Similar problems exist at Google’s parent company, Alphabet. Q2 data was better than expected, but concerns over increased investment in artificial intelligence had a bigger impact.
However, the indicators remain close to the records
Despite the severe price loss, it remains to be said that the stock market is far from panic. After recent losses, the S&P 500 is up 12% year to date. This is only 5% off the record high hit in mid-July.

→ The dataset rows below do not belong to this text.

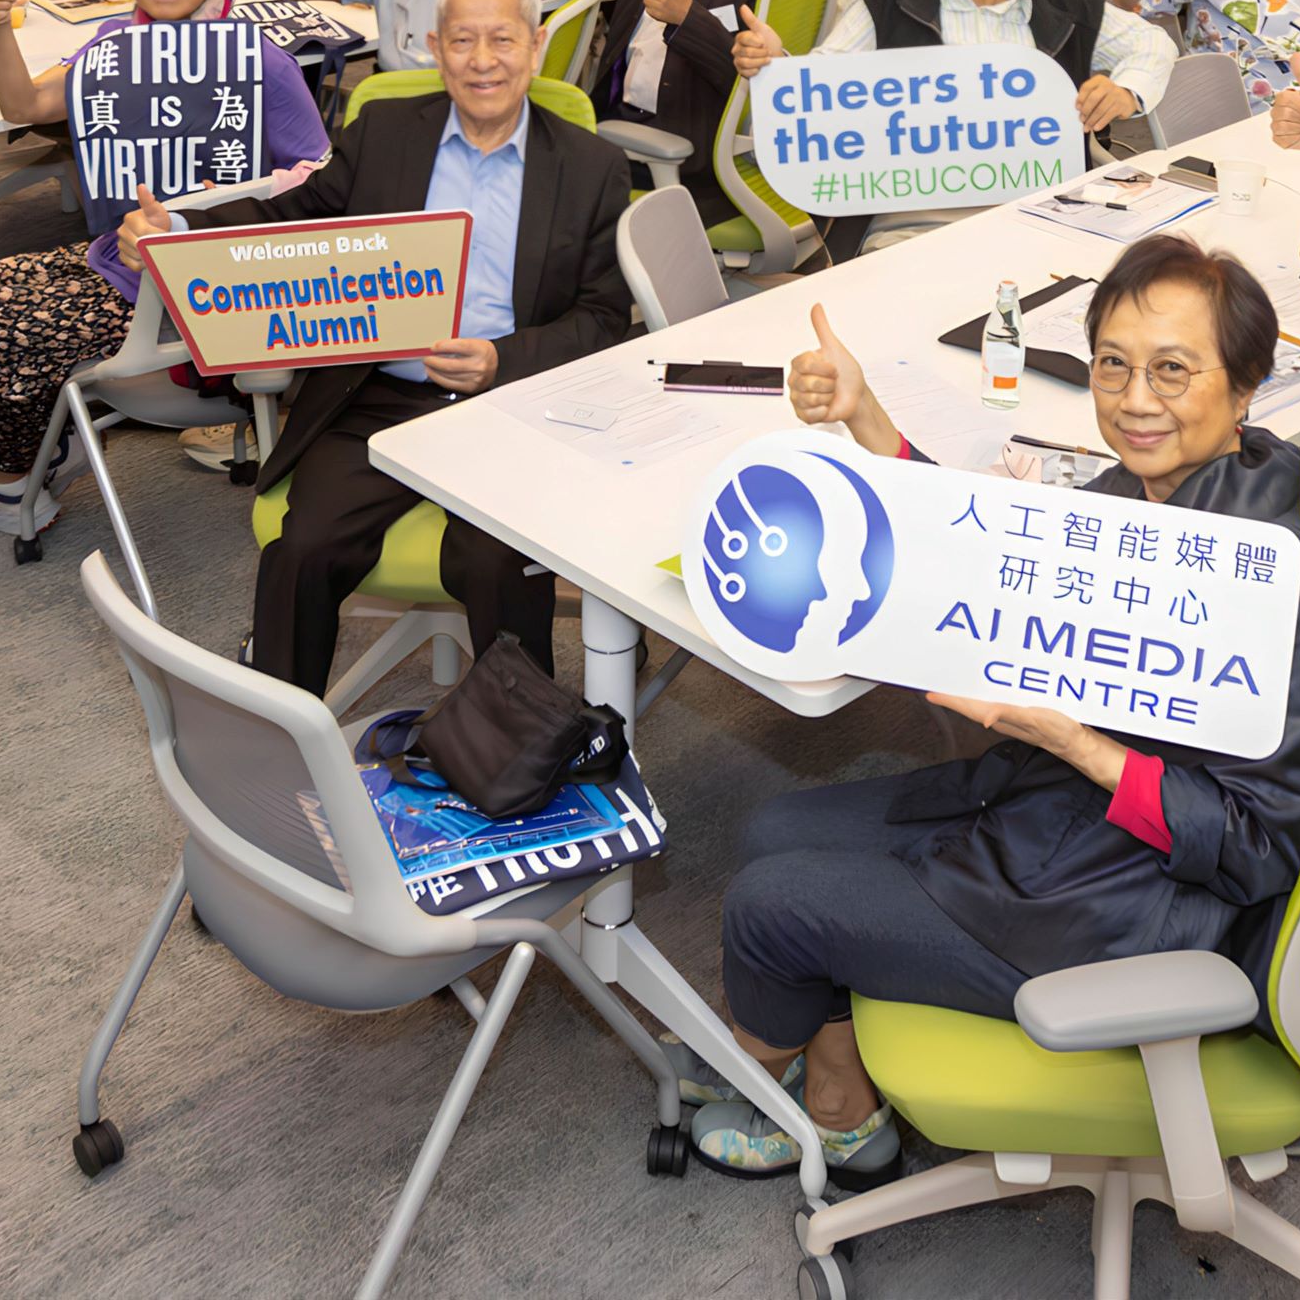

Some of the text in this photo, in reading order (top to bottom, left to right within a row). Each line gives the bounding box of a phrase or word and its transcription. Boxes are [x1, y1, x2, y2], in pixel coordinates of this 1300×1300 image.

[124, 23, 263, 85] TRUTH
[150, 96, 183, 127] IS
[772, 63, 1037, 115] cheers to
[774, 111, 1062, 164] the future
[78, 136, 207, 201] VIRTUE
[811, 158, 1063, 203] #HKBUCOMM
[229, 232, 389, 262] Welcome Back
[187, 260, 445, 316] Communication
[266, 304, 380, 350] Alumni
[950, 493, 1278, 586] 人工智能媒體
[999, 554, 1209, 627] 研究中心
[935, 600, 1262, 697] AI MEDIA
[983, 660, 1201, 726] CENTRE
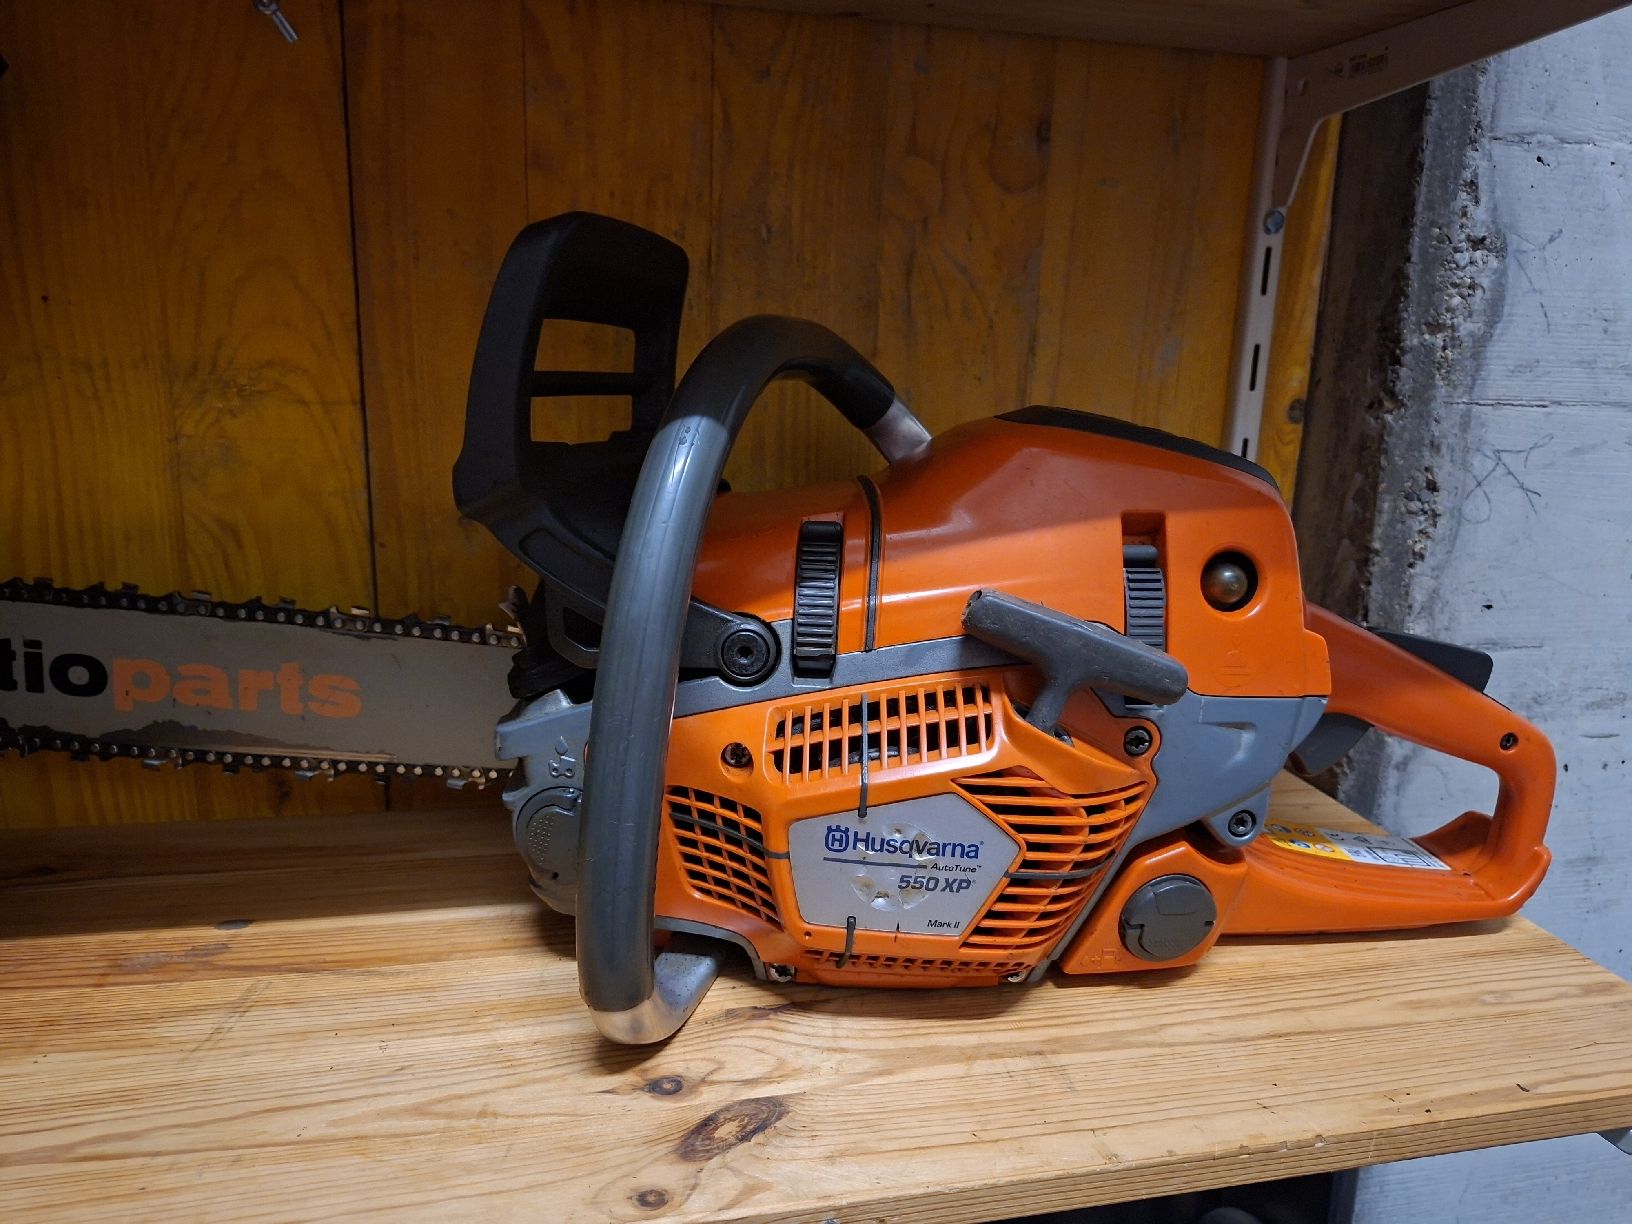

Dax is in a similar situation. Although it fell below the 18,000 mark, only 6 out of 20 investment strategists thought it would reach that level when surveyed by Handelsblatt before the start of the year.
This is why the volatility indicators, which indicate the range of changes expected by professional investors in the next 30 days, are not worse today. The higher the values, the greater the expected volatility.
Although the VDax for Germany rose by more than 20% this week, the level is still moderate at 18 points.
With the opportunity to arrange, prices below 20 signal a calm side of the market. At the beginning of the war in Ukraine, for example, the VDax was over 40 points, and during the coronavirus pandemic it was over 60 points.
A US recession is not a baseline scenario but a threat
Therefore, the major Swiss bank UBS advises investors to remain calm. Mark Haefele, head of global wealth management investment strategy at the major Swiss bank, believes fears of a recession are “premature” for now.
In fact, recent data shows that US industrial production is still rising, retail sales are above trend and US gross domestic product rose 2.8% in the second quarter on a year-over-year basis. basis, more than expected.
For Haefele and his colleagues, these numbers show that the US economy is “not headed for recession, but for a soft landing”.
Investors can only hope that this is indeed the case, because if the US economy falls into a mild recession, David Kelly, the global chief strategist of JP Morgan Asset Management, believes that the Investors should be prepared for a “price loss of 25% to 30%” in equity markets.